Collected data:
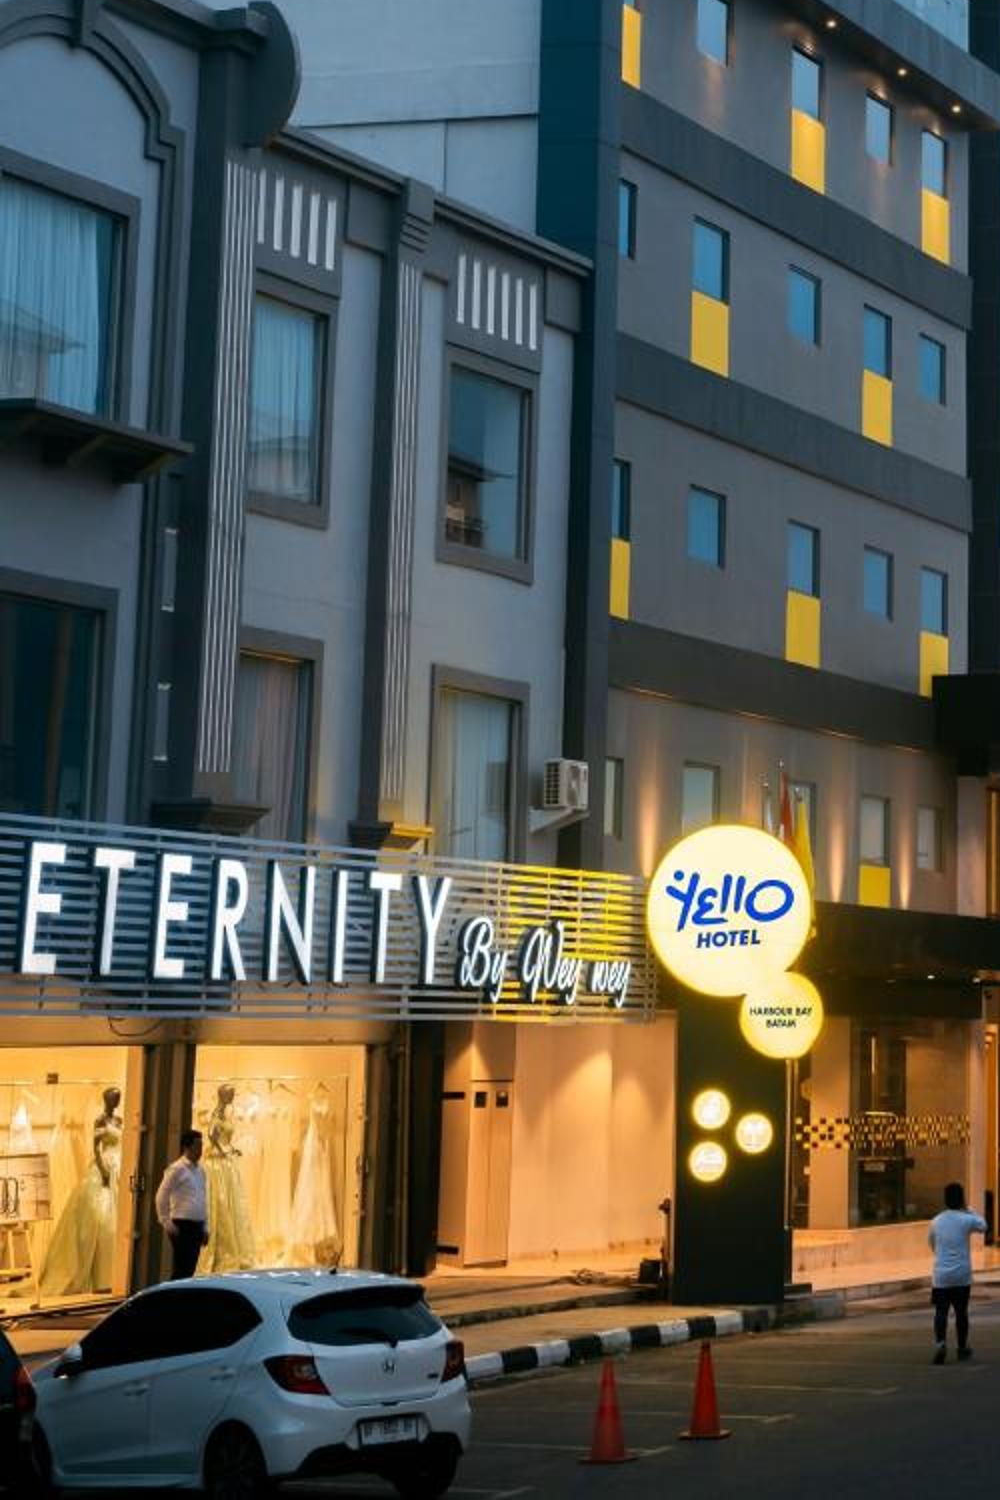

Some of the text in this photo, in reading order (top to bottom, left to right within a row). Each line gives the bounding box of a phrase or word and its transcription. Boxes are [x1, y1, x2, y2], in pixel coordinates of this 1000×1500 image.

[20, 842, 452, 984] ETERNITY
[461, 916, 507, 1003] By
[696, 928, 761, 949] HOTEL
[750, 1006, 812, 1017] HARBOUR BAY
[766, 1019, 797, 1028] BATAM
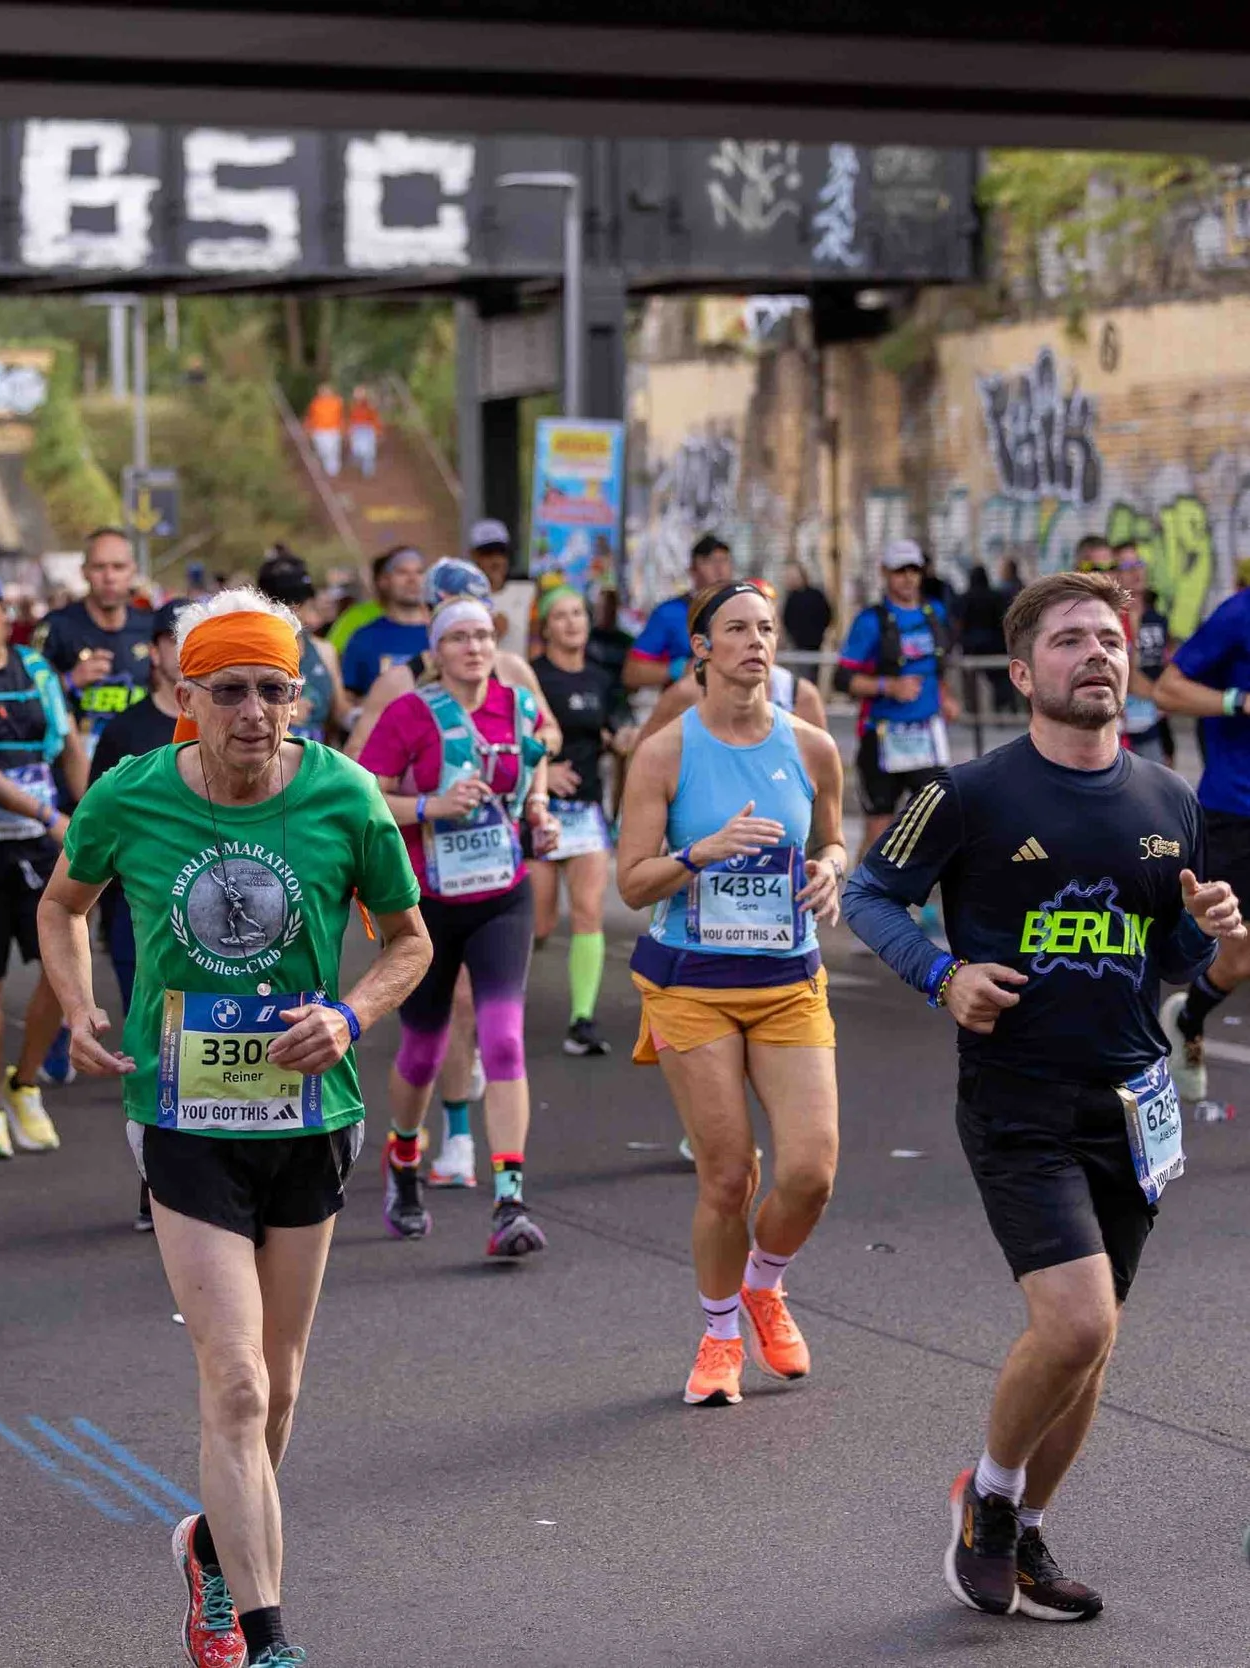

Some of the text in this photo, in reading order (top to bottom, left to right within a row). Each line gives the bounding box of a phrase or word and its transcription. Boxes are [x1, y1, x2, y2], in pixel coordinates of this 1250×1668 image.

ACTIVITY - Should a record include a picture, omit it from your copy and return the rest unchanged.

ANSWER AREA -
Some of the text in this photo, in reading order (top to bottom, left to right within a row). Each line gives the bounding box of a phrase or word and its transcription. Boxes are [x1, y1, x2, y2], in pixel coordinates of this 1000×1500 image.

[20, 842, 452, 984] ETERNITY
[461, 916, 507, 1003] By
[696, 928, 761, 949] HOTEL
[750, 1006, 812, 1017] HARBOUR BAY
[766, 1019, 797, 1028] BATAM

Some of the text in this photo, in reading order (top to bottom, left to right within a row). Each line gives the bounding box of a phrase or word and its transcription. Boxes are [x1, y1, x2, y2], in pixel coordinates of this 1250×1668 image.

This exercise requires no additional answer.